**PROBLEM DESCRIPTION**:
The whole listing is to be given again without alteration, except that its pictures are dropped.

[EXTRACTED MATERIAL Boundary: Start]

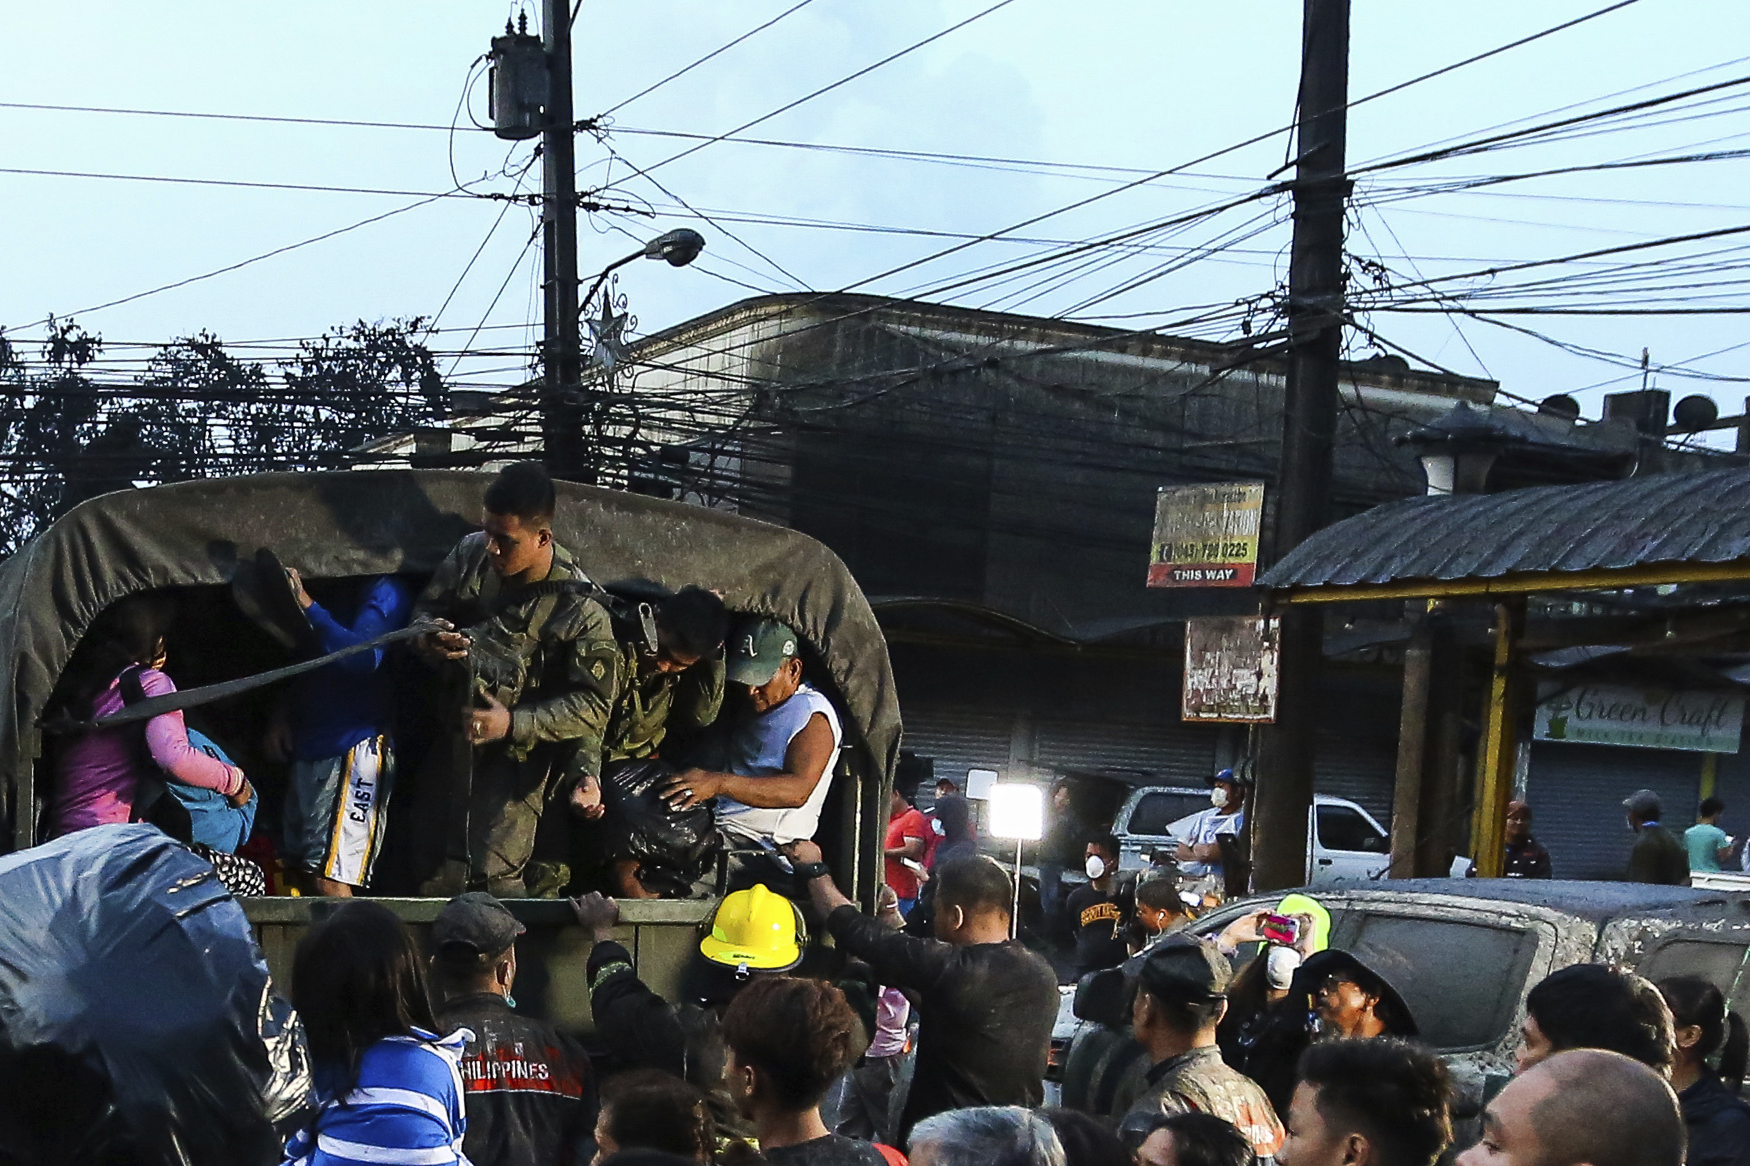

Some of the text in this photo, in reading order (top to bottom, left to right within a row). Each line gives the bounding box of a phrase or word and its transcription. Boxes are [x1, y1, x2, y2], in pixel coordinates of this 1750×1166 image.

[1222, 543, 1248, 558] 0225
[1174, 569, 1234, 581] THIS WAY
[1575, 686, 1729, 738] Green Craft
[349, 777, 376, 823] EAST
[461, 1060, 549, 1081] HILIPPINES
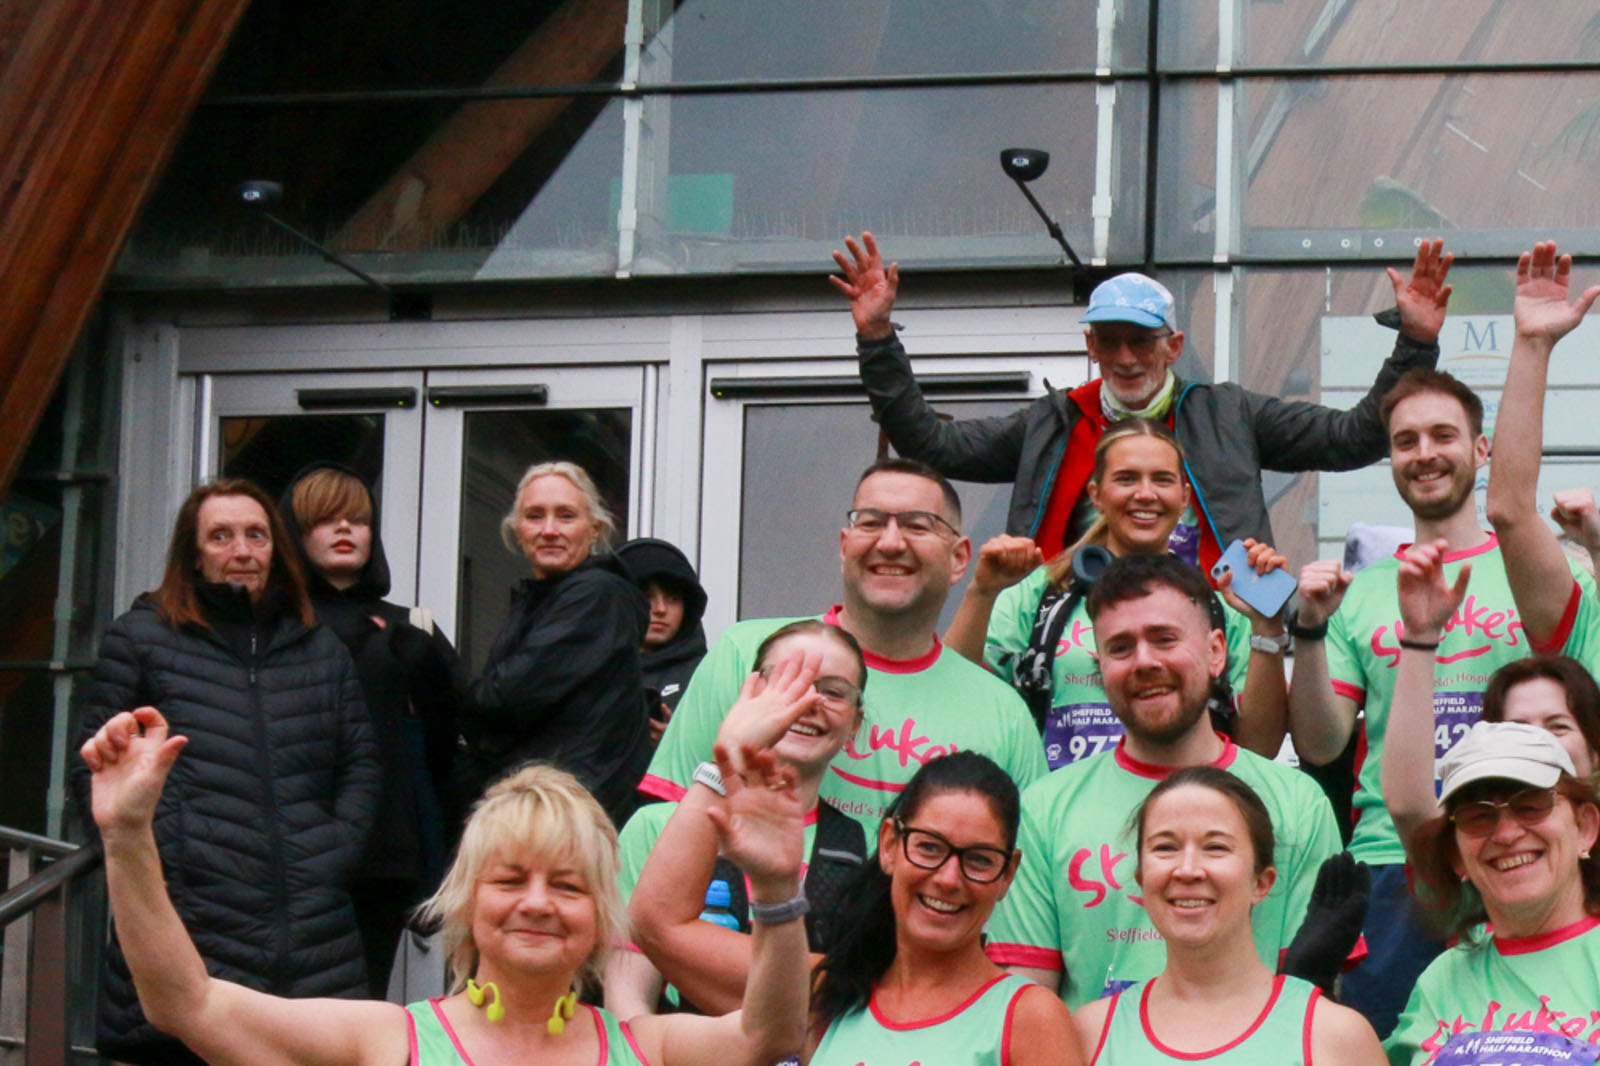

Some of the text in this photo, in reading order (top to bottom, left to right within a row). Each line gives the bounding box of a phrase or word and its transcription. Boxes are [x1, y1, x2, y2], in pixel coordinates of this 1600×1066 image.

[EXTRACTED MATERIAL Boundary: End]

**RESULT FOR THIS EXERCISE**:
Some of the text in this photo, in reading order (top to bottom, left to right within a row). Each line gives the bounding box of a phrase or word and its transcription. Boxes are [x1, y1, x2, y2], in pixel coordinates of this 1750×1166 image.

[1222, 543, 1248, 558] 0225
[1174, 569, 1234, 581] THIS WAY
[1575, 686, 1729, 738] Green Craft
[349, 777, 376, 823] EAST
[461, 1060, 549, 1081] HILIPPINES

Some of the text in this photo, in reading order (top to bottom, left to right within a row). Each line gives the bounding box of a phrase or word and its transcription. Boxes are [x1, y1, x2, y2], in pixel coordinates of this 1600×1066 image.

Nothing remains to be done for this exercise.